Good to hear your new Candy is indeed much better. There are good 5ch amps out there but they cost £1-2k upwards - hardly surprising when you have 5chs instead of just 2 & even more careful design of the power supplies being needed.
Bi-wiring is one of the subjects, along with 24bit/96-192k coding, expensive interconnects, cable lifters etc. etc that have either no or little foundation in physics. I'm beginning to wonder if some "improvements" are so small in everything but cost that they are effectively worthless - even when real rather than imagined. What I'm suggesting is that there's a threshold of improvement below which other aspects of life just mask any effects such as mood, tiredness etc.

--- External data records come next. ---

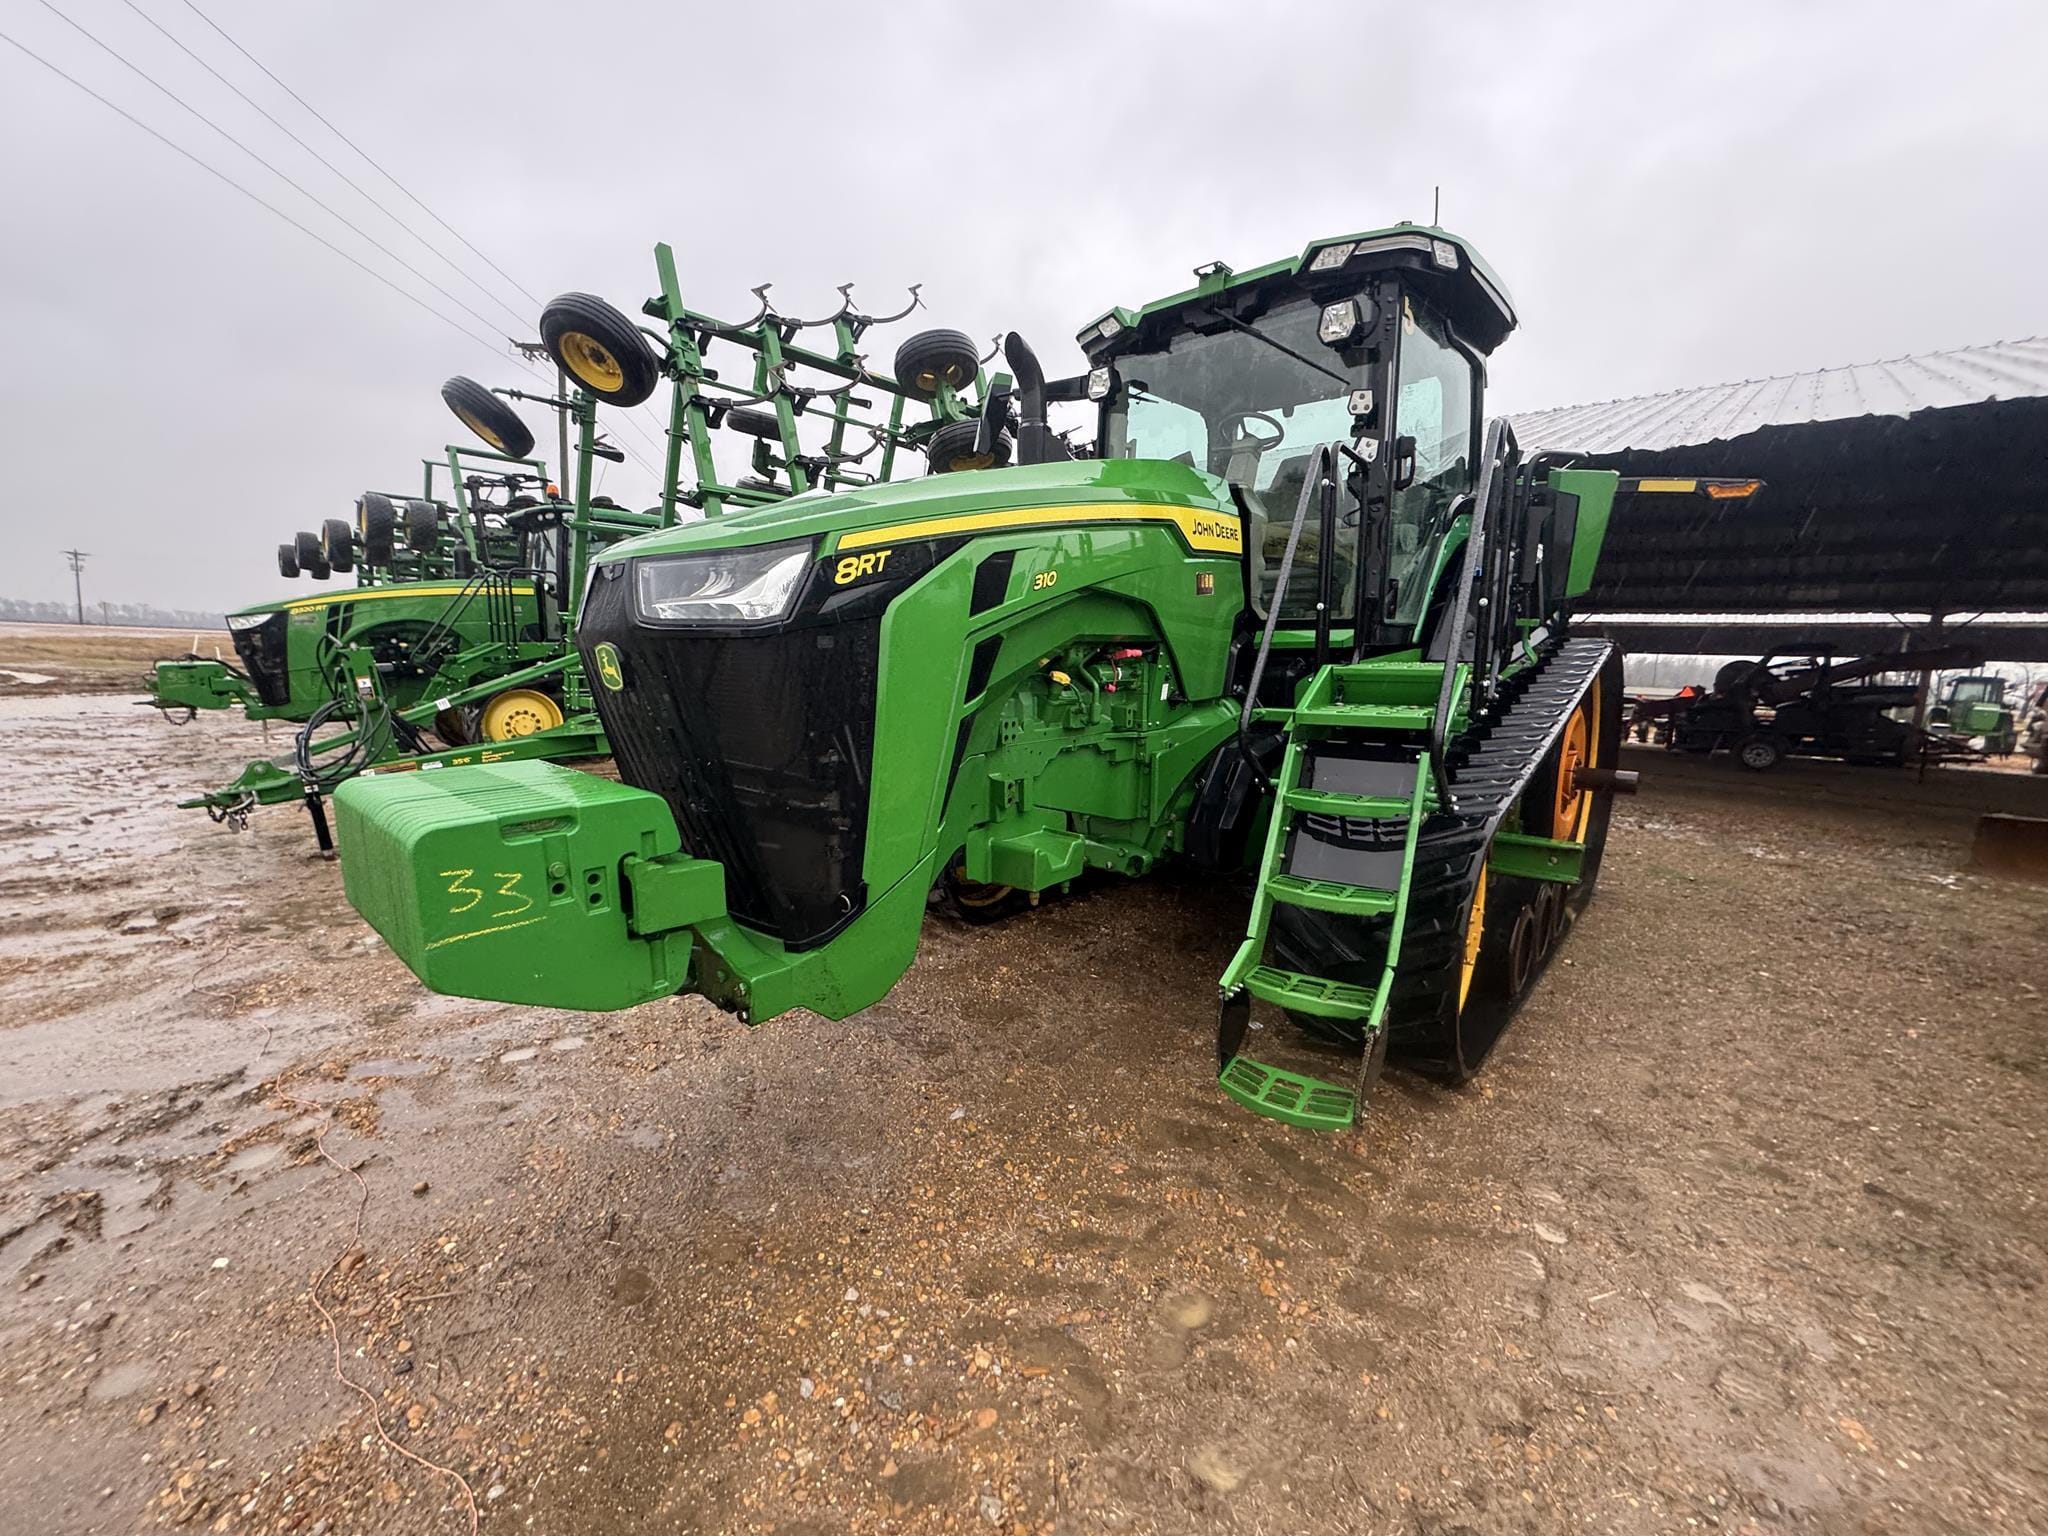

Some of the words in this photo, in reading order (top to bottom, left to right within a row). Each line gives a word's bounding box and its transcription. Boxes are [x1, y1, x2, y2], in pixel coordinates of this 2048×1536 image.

[1192, 518, 1214, 537] JOHN
[1215, 522, 1239, 541] DEERE
[833, 549, 892, 586] 8RT
[1032, 570, 1058, 591] 310
[439, 868, 534, 918] 33

If a mischievous friend placed shorting links across my bi-wired terminals, how many months would it take for me to realise? Quite possibly not until I wiped dust off my speakers!

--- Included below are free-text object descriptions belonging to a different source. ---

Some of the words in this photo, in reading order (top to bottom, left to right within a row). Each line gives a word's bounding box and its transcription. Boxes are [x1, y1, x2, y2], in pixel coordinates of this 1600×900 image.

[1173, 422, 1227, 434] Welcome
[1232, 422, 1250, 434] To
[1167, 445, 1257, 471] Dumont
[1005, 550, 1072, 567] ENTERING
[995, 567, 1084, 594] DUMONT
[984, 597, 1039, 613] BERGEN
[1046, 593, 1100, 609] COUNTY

The issue with small improvements whether real or imagined is that they tend to disappear with blind ABX testing. The problem with audio is memory - you can't really compare A with B by feeding A to the left & B to the right channels simultaneously but must switch both in time. Comparing 2 pictures side by side is much easier, for instance. Auditory memory is notoriously unrealiable. Some may maintain that ABX testing is itself unreliable but it gets to a point where people just don't want to let go of cherished beliefs - they effectively turn their hobby into a religion.
As for speaker cable thickness, this is another disputed area. Some maintain that as long as the resistance & inductance are kept under certain maximum levels so as not to effect the frequency response - the thinner the better.